SoC power is near the top of everyone’s list of things to pay attention to these days. The focus has primarily been on implementing power-reduction techniques, but verification has also been important. Two power formats, CPF and UPF (why have one standard when two will do?), were developed as a way to specify power intent; now a tool could tell what someone is trying to do and help build it. It could also be used to confirm that the result was consistent with the intent.

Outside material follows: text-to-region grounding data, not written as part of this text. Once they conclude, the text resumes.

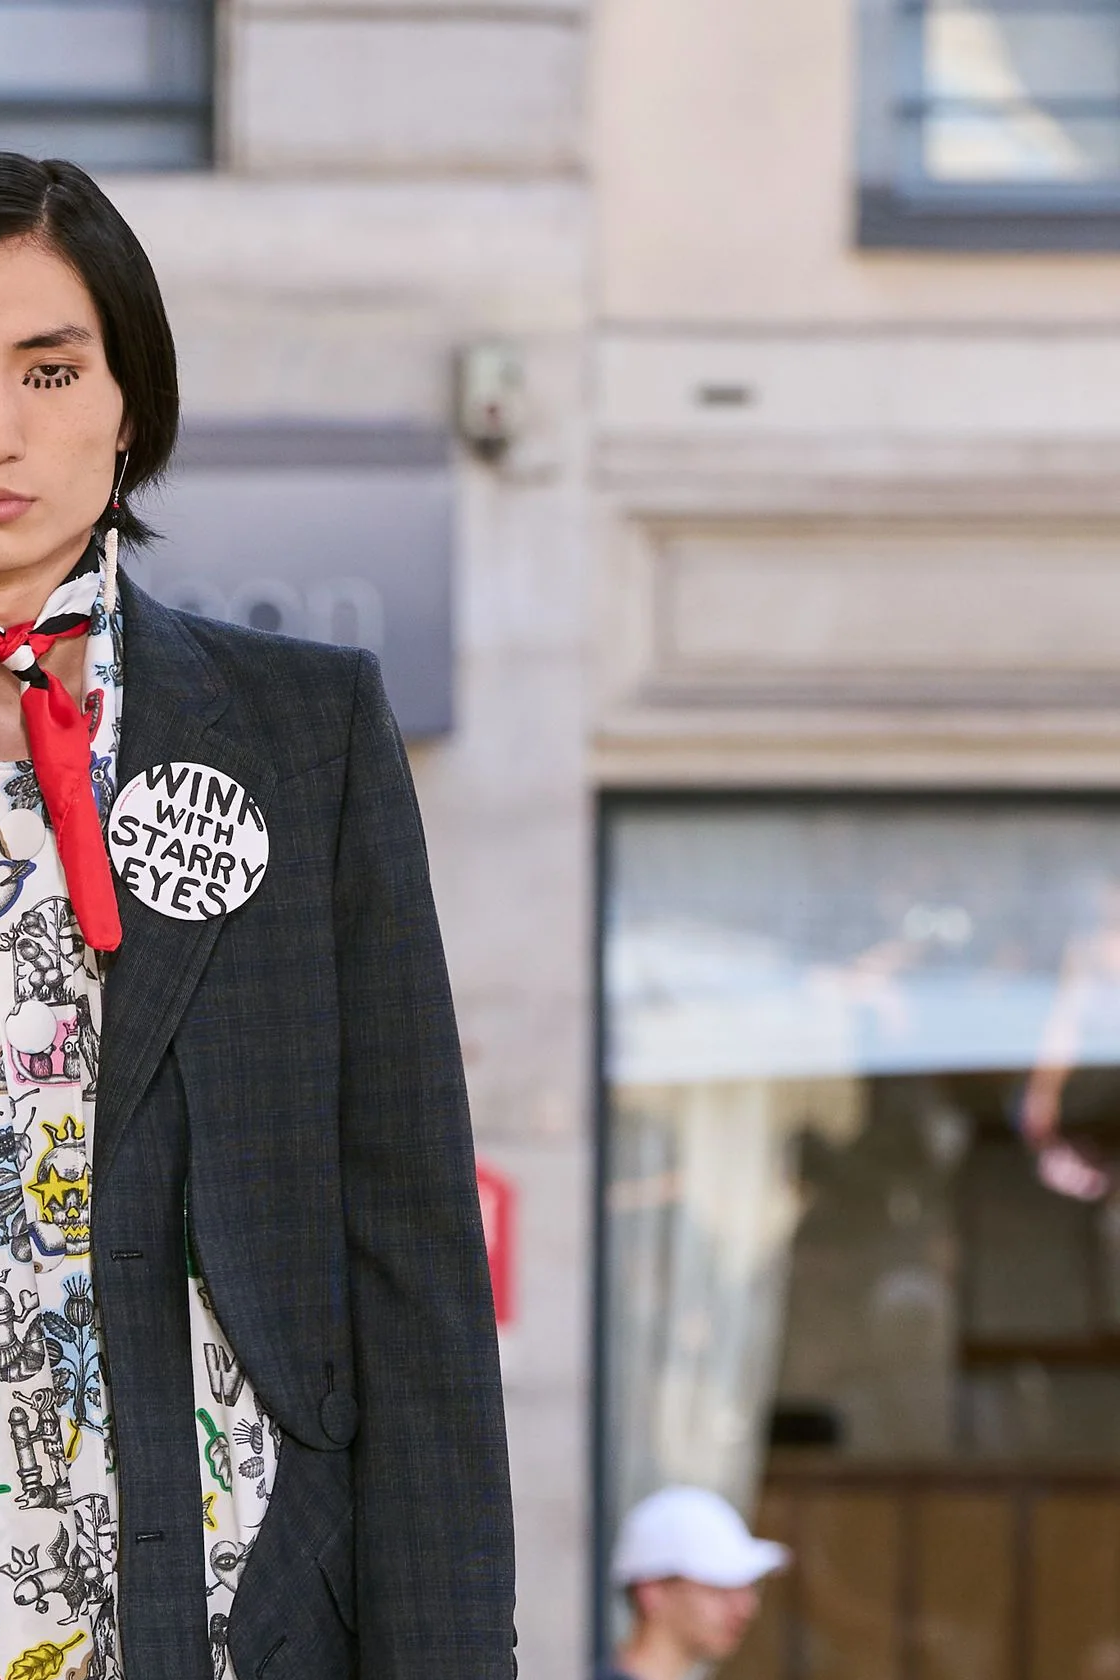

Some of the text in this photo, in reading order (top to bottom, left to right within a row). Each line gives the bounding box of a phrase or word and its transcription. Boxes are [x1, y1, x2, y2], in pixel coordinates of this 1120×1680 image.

[145, 763, 264, 832] WINK
[156, 799, 234, 846] WITH
[111, 815, 265, 893] STARRY
[120, 857, 227, 919] EYES
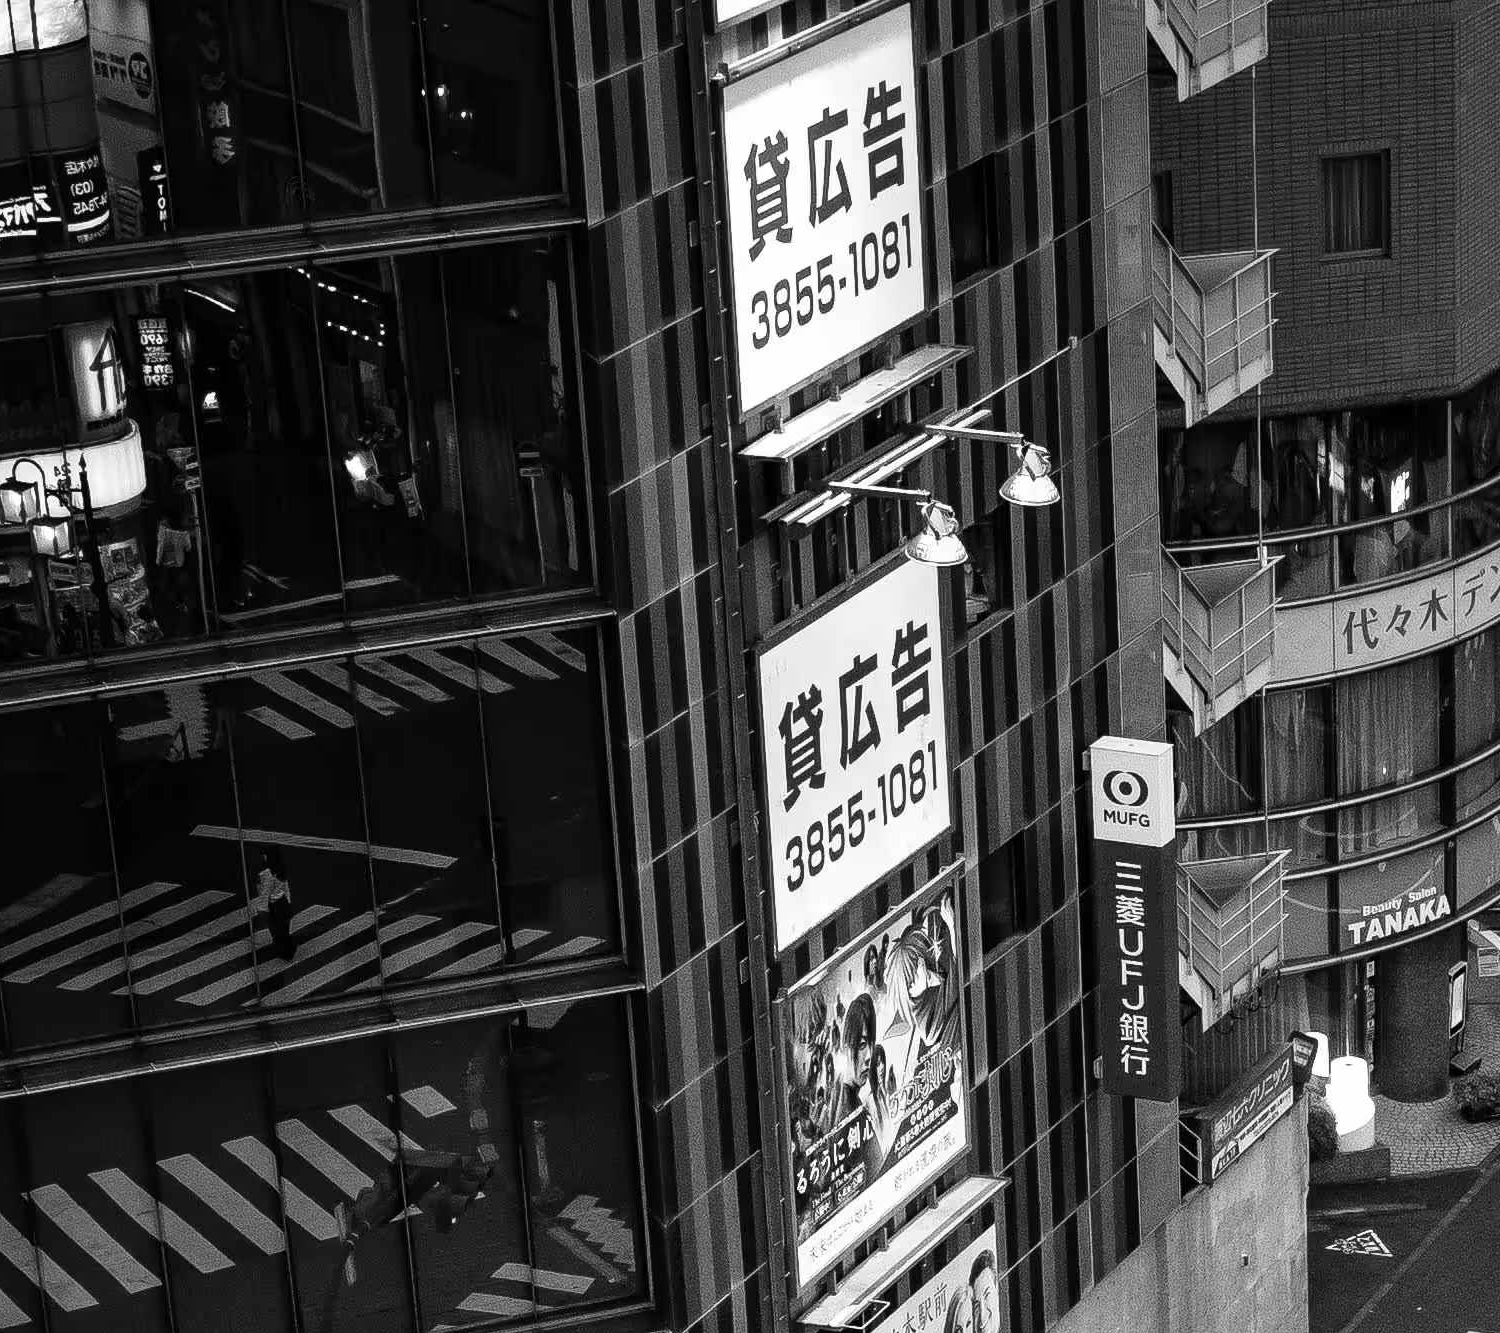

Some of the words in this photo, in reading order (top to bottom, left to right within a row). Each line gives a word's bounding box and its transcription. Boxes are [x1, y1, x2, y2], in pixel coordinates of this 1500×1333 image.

[744, 80, 907, 262] 貸広告
[750, 213, 913, 350] 3855-1081
[778, 620, 933, 813] 貸広告
[786, 740, 938, 893] 3855-1081
[1103, 809, 1150, 829] MUFG
[1115, 860, 1151, 1076] 三菱UFJ銀行
[1348, 895, 1451, 945] TANAKA
[1362, 898, 1402, 917] Beauty
[1408, 886, 1437, 904] Salon
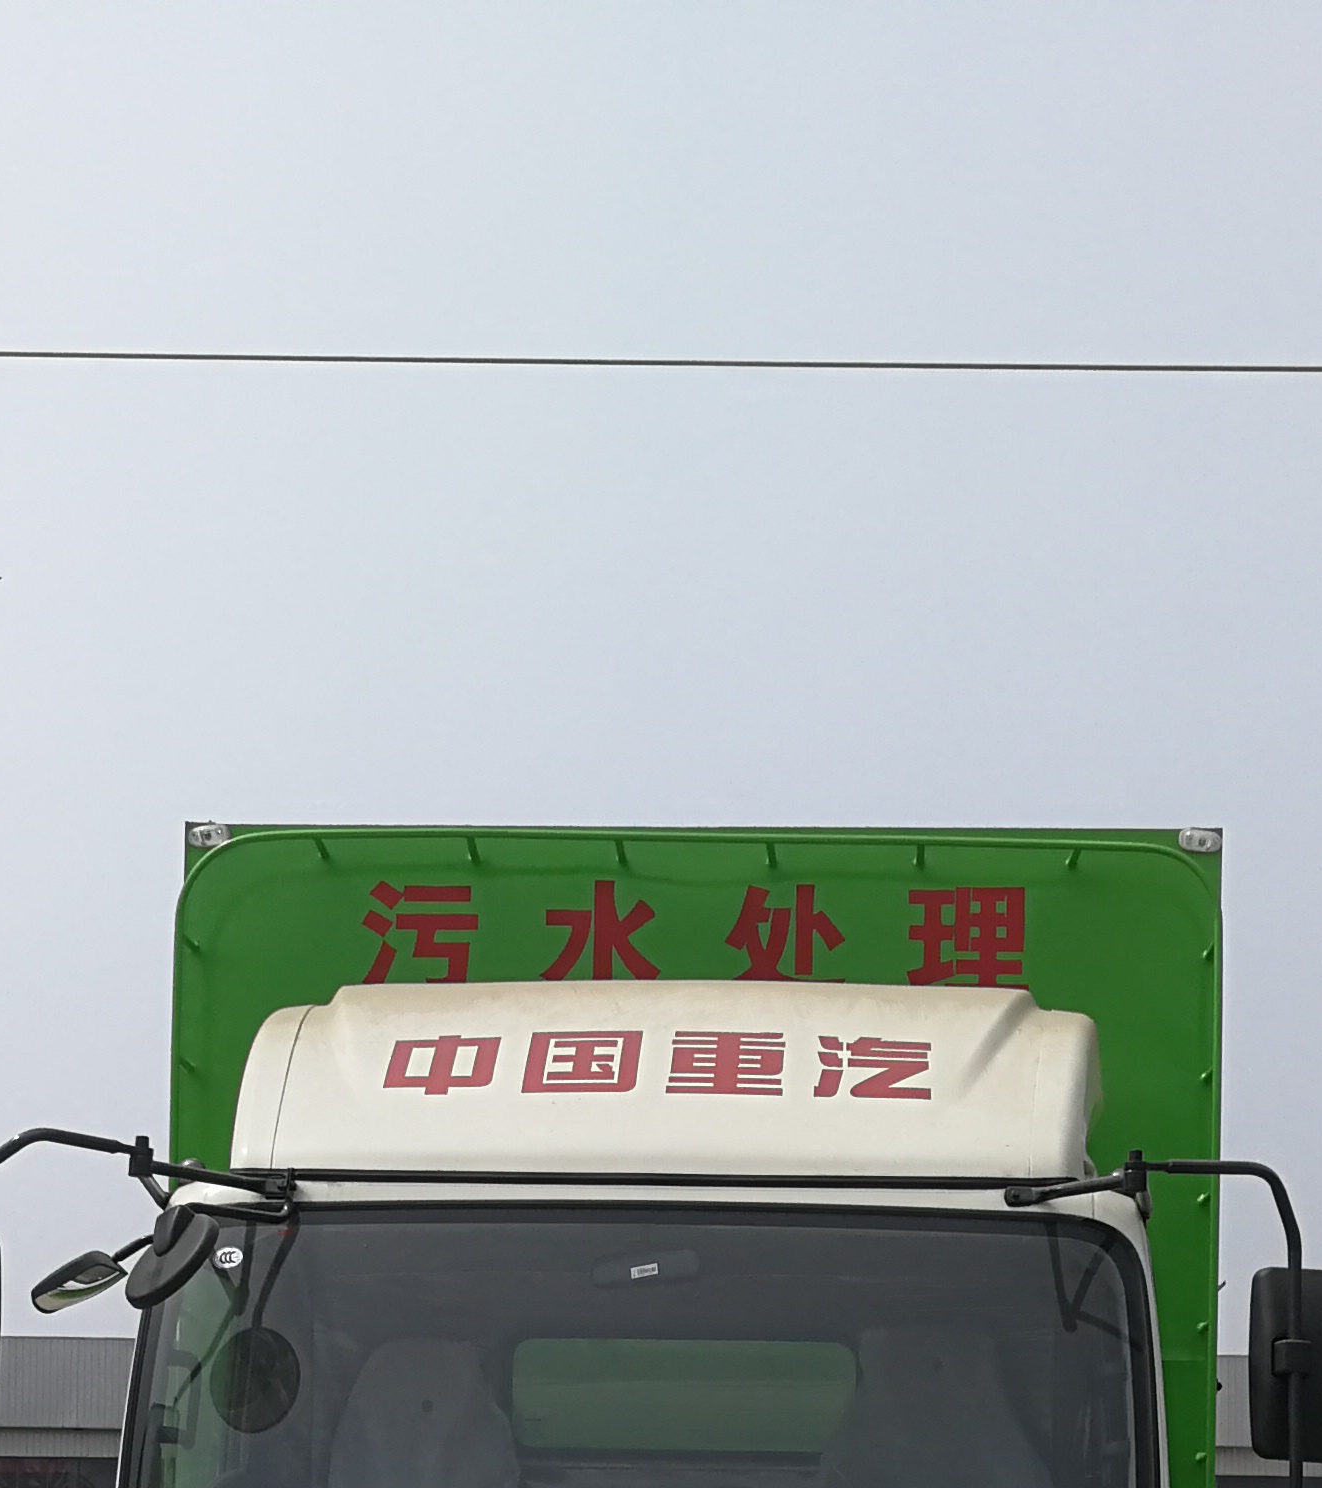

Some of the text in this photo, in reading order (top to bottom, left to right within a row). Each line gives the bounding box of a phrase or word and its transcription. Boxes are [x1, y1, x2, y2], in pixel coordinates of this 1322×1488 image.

[362, 880, 1029, 988] 污水处理
[383, 1030, 932, 1100] 中国重汽
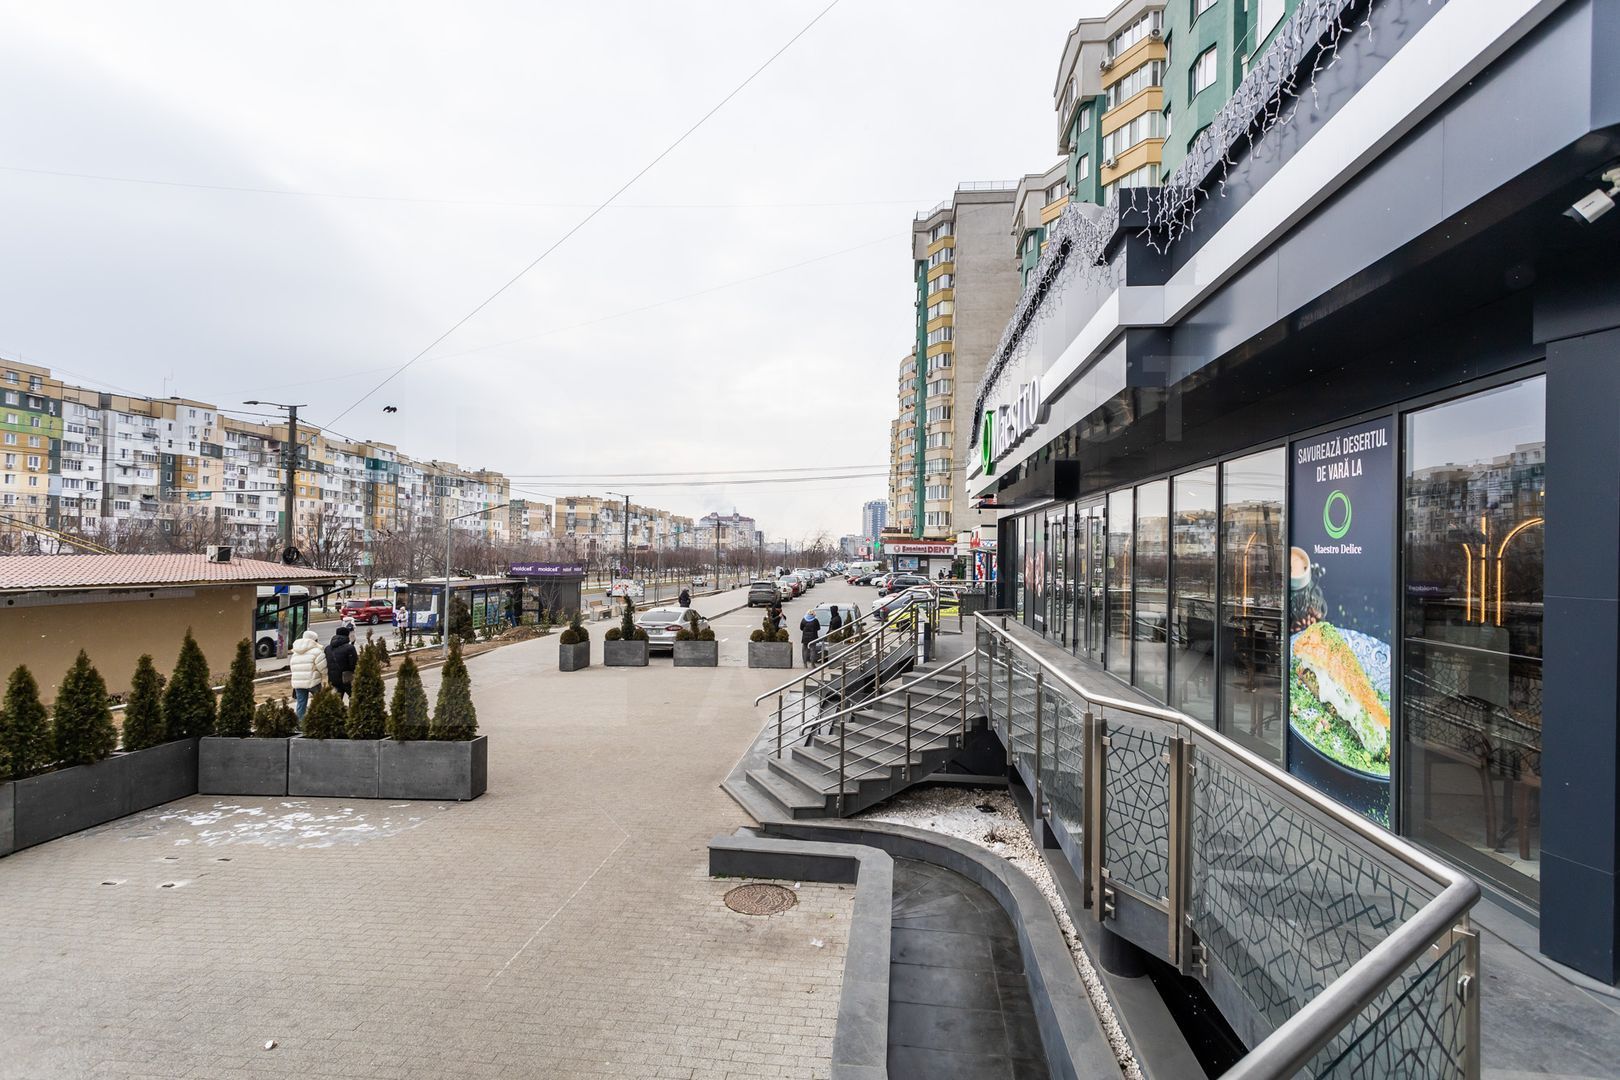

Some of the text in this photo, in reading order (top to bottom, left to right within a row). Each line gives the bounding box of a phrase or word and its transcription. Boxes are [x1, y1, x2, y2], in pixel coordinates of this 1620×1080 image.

[990, 375, 1040, 463] Maestro
[1298, 428, 1388, 464] SAVUREAZĂ DESERTUL
[1316, 458, 1363, 482] DE VARĂ LA
[927, 546, 951, 554] DENT
[1314, 543, 1362, 554] Maestro Delice

But what happens when verification fails? You’ve got to figure out where the problem is. And that’s where debug comes in. Springsoft has added a power module to its Verdi debug system to help address this. Whereas, under normal circumstances, power is there simply to support real signals, now power can be treated as if it’s a signal. You can go through the power structure, checking domains to see what’s on and off, confirming whether level shifters and isolation are in place, and use assertions just like you would with signals. It knows about the intended power structure by accepting both CPF and UPF formats.
It may not be able to debug issues with the toaster, but it will hopefully help keep your chip from heating up like a toaster.